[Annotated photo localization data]
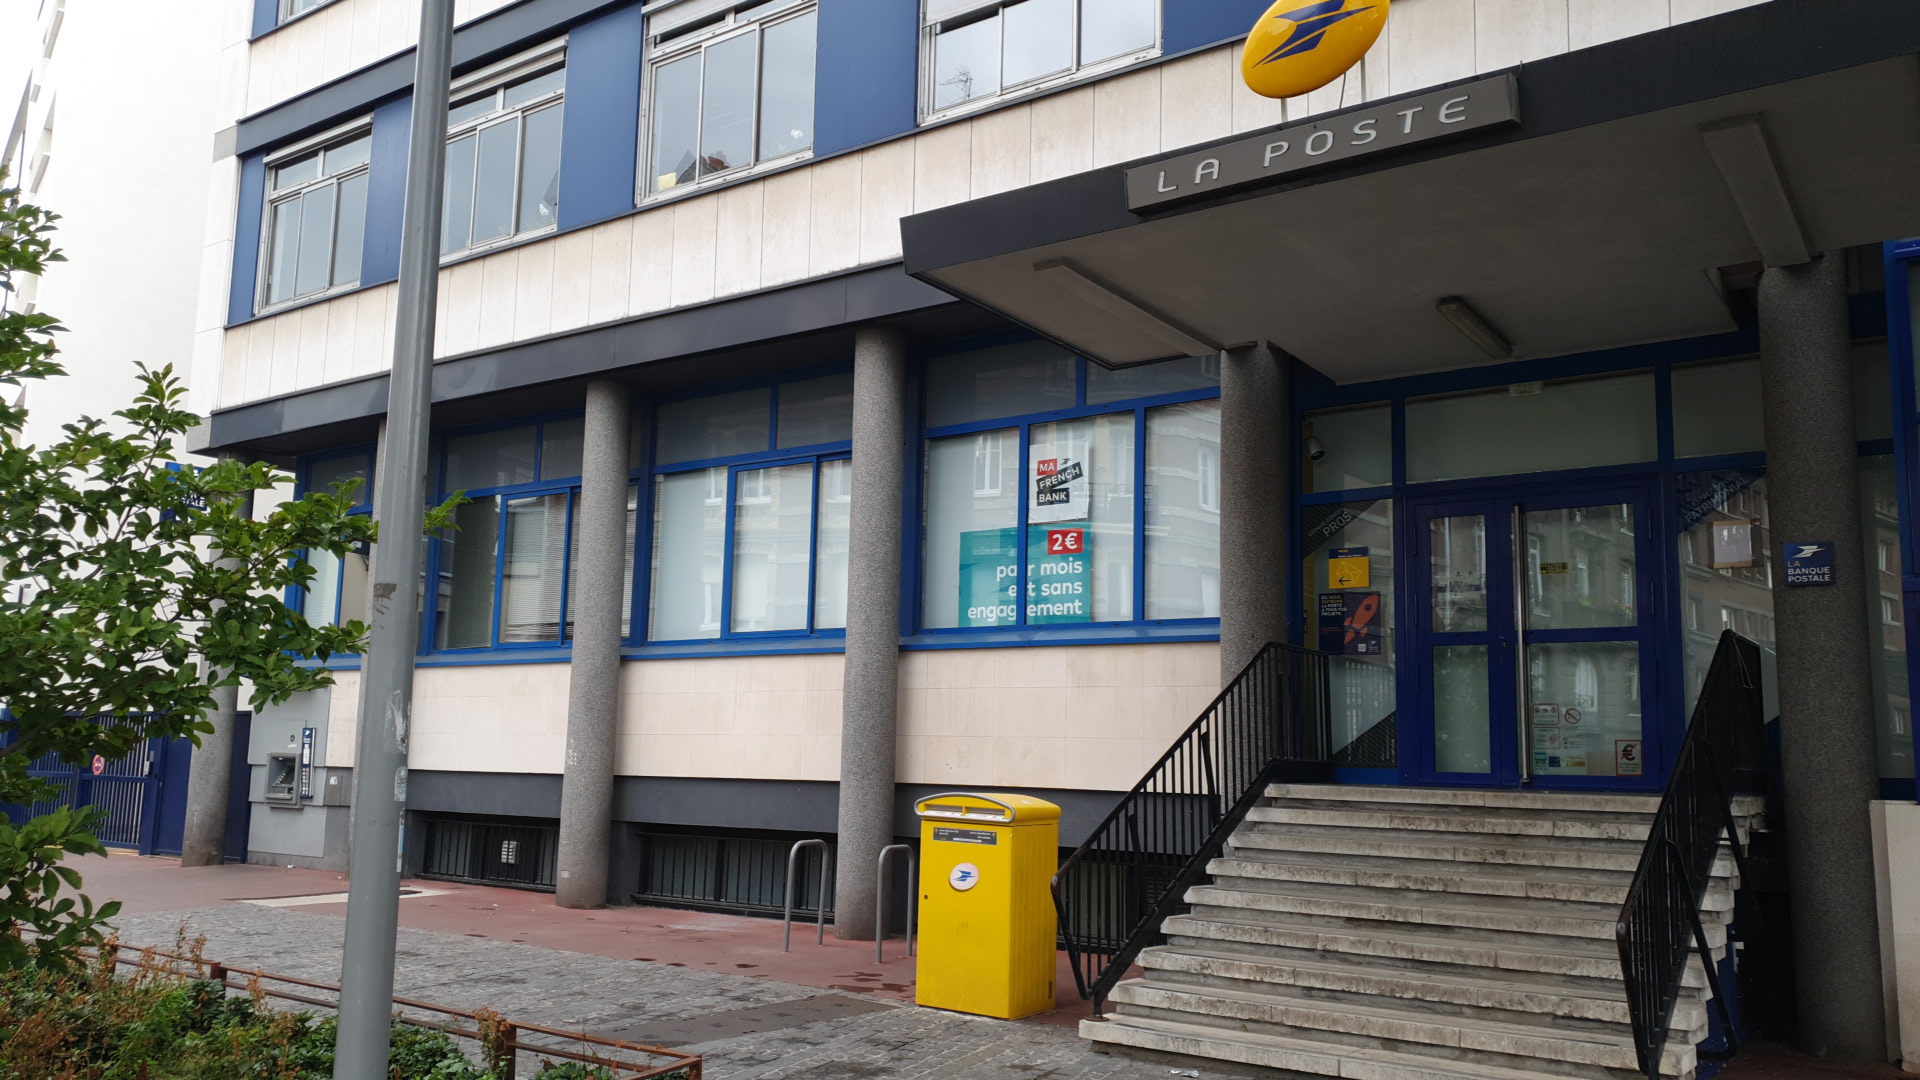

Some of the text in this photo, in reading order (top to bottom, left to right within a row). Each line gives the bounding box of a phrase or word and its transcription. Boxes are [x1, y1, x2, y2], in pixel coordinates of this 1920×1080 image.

[1157, 94, 1470, 193] LA POSTE
[1039, 462, 1055, 473] MA
[1039, 465, 1080, 490] FRENCH
[1039, 491, 1067, 503] BANK
[1322, 511, 1352, 537] PROS
[1052, 532, 1078, 551] 2€
[1040, 556, 1083, 576] mois
[1788, 566, 1831, 575] BANQUE
[1788, 574, 1831, 582] POSTALE
[1008, 581, 1083, 597] et sans
[967, 599, 1083, 622] engagement
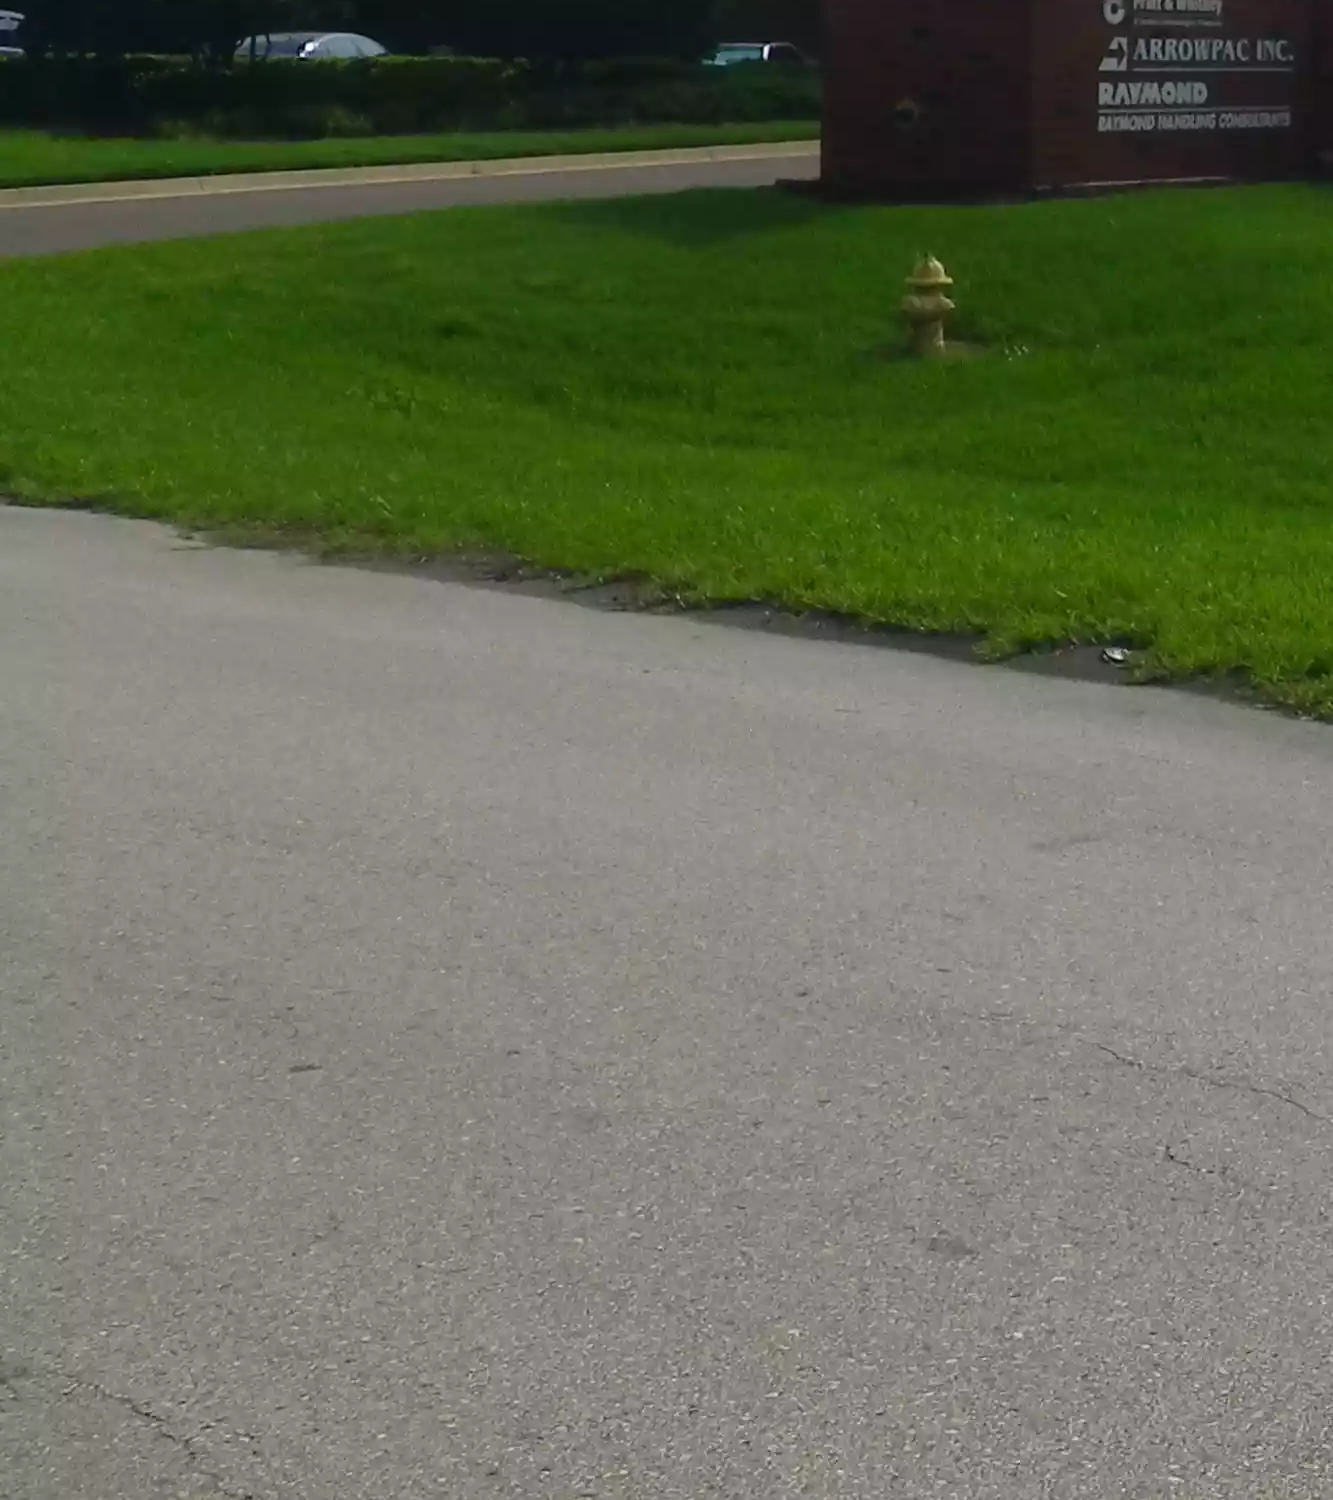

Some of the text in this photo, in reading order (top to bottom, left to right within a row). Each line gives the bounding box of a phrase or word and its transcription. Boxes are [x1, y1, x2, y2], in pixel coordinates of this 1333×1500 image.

[1133, 37, 1294, 62] ARROWPAC INC.
[1098, 82, 1208, 105] RAYMOND
[1098, 113, 1155, 132] RAYMOND
[1158, 113, 1216, 131] HANDLING
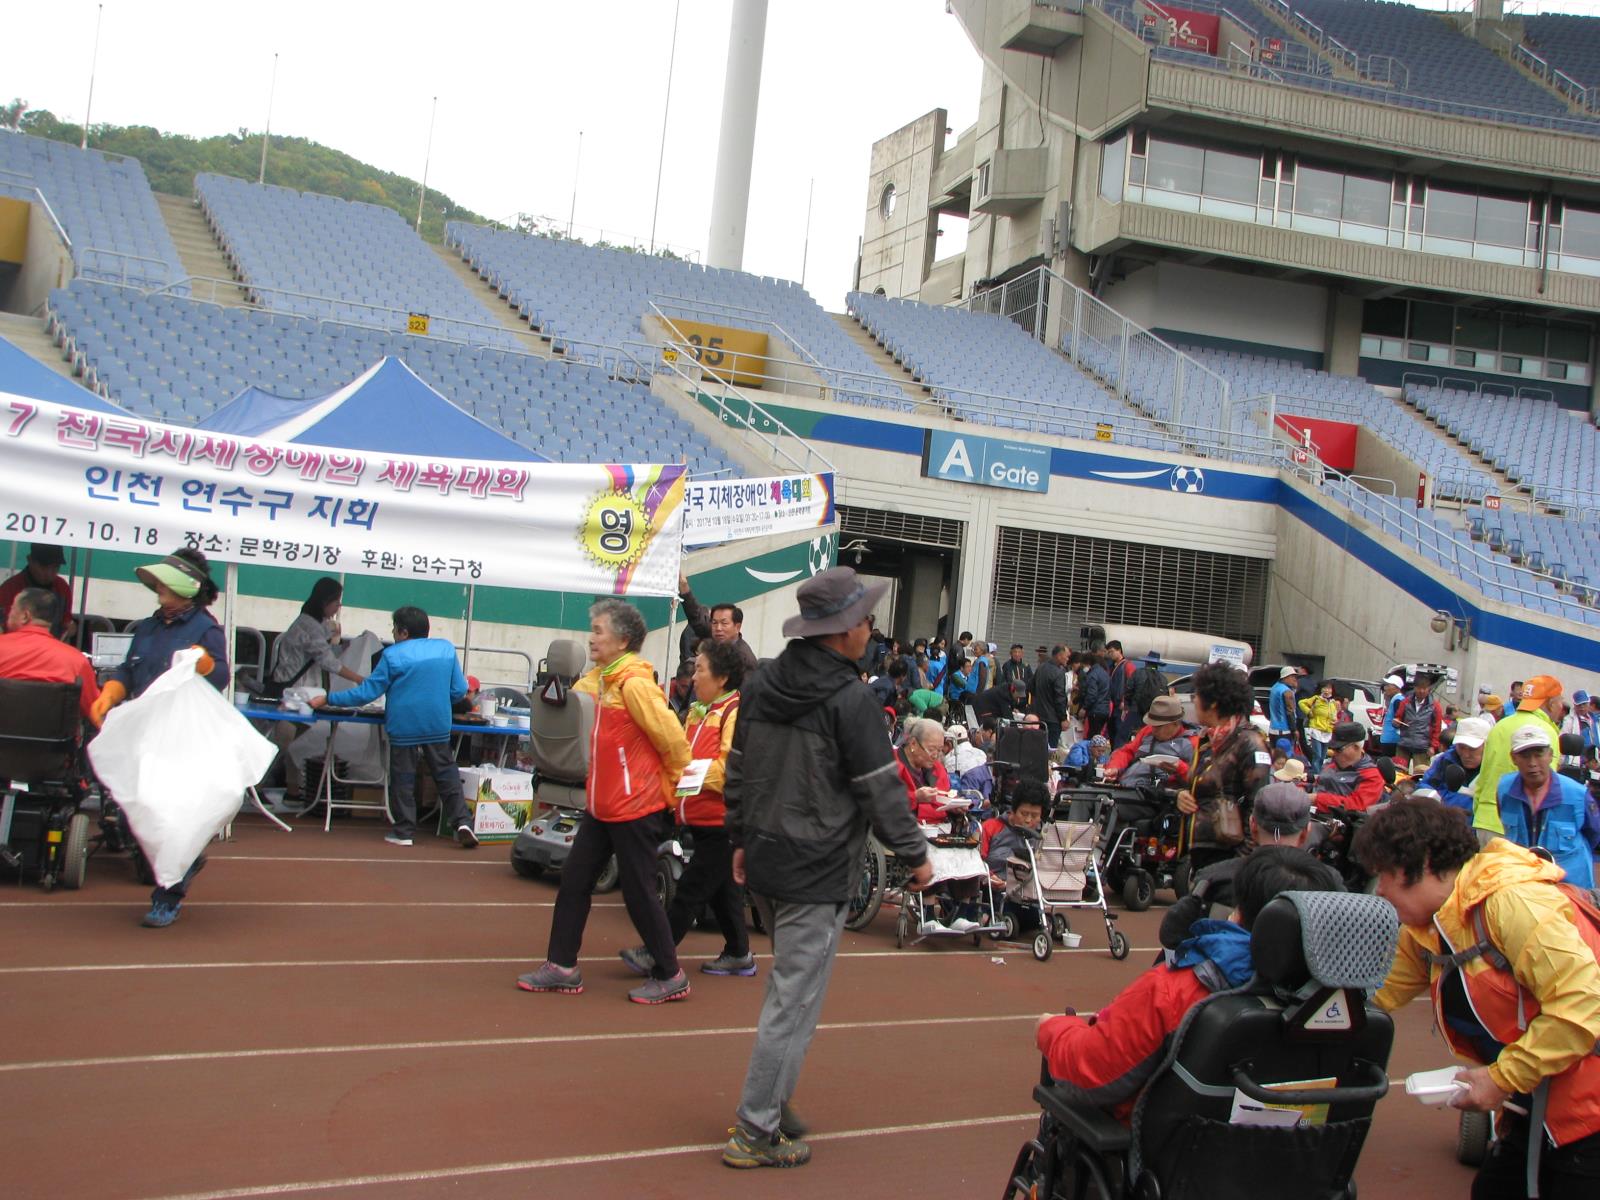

_Task goal_. Omit the pictures; set down each record exactly.

_Output for this exercise_.
Some of the text in this photo, in reading order (top to bottom, left to right within a row). Each line gives the bounding box of a phrase or word and its transcription. Boxes are [x1, y1, x2, y2], in pixel coordinates of this 1920×1080 image.

[1157, 94, 1470, 193] LA POSTE
[1039, 462, 1055, 473] MA
[1039, 465, 1080, 490] FRENCH
[1039, 491, 1067, 503] BANK
[1322, 511, 1352, 537] PROS
[1052, 532, 1078, 551] 2€
[1040, 556, 1083, 576] mois
[1788, 566, 1831, 575] BANQUE
[1788, 574, 1831, 582] POSTALE
[1008, 581, 1083, 597] et sans
[967, 599, 1083, 622] engagement

Some of the text in this photo, in reading order (top to bottom, left to right within a row). Each line gives the bounding box of a phrase or word and its transcription. Boxes are [x1, y1, x2, y2], in pixel coordinates of this 1333×1500 image.

[1133, 37, 1294, 62] ARROWPAC INC.
[1098, 82, 1208, 105] RAYMOND
[1098, 113, 1155, 132] RAYMOND
[1158, 113, 1216, 131] HANDLING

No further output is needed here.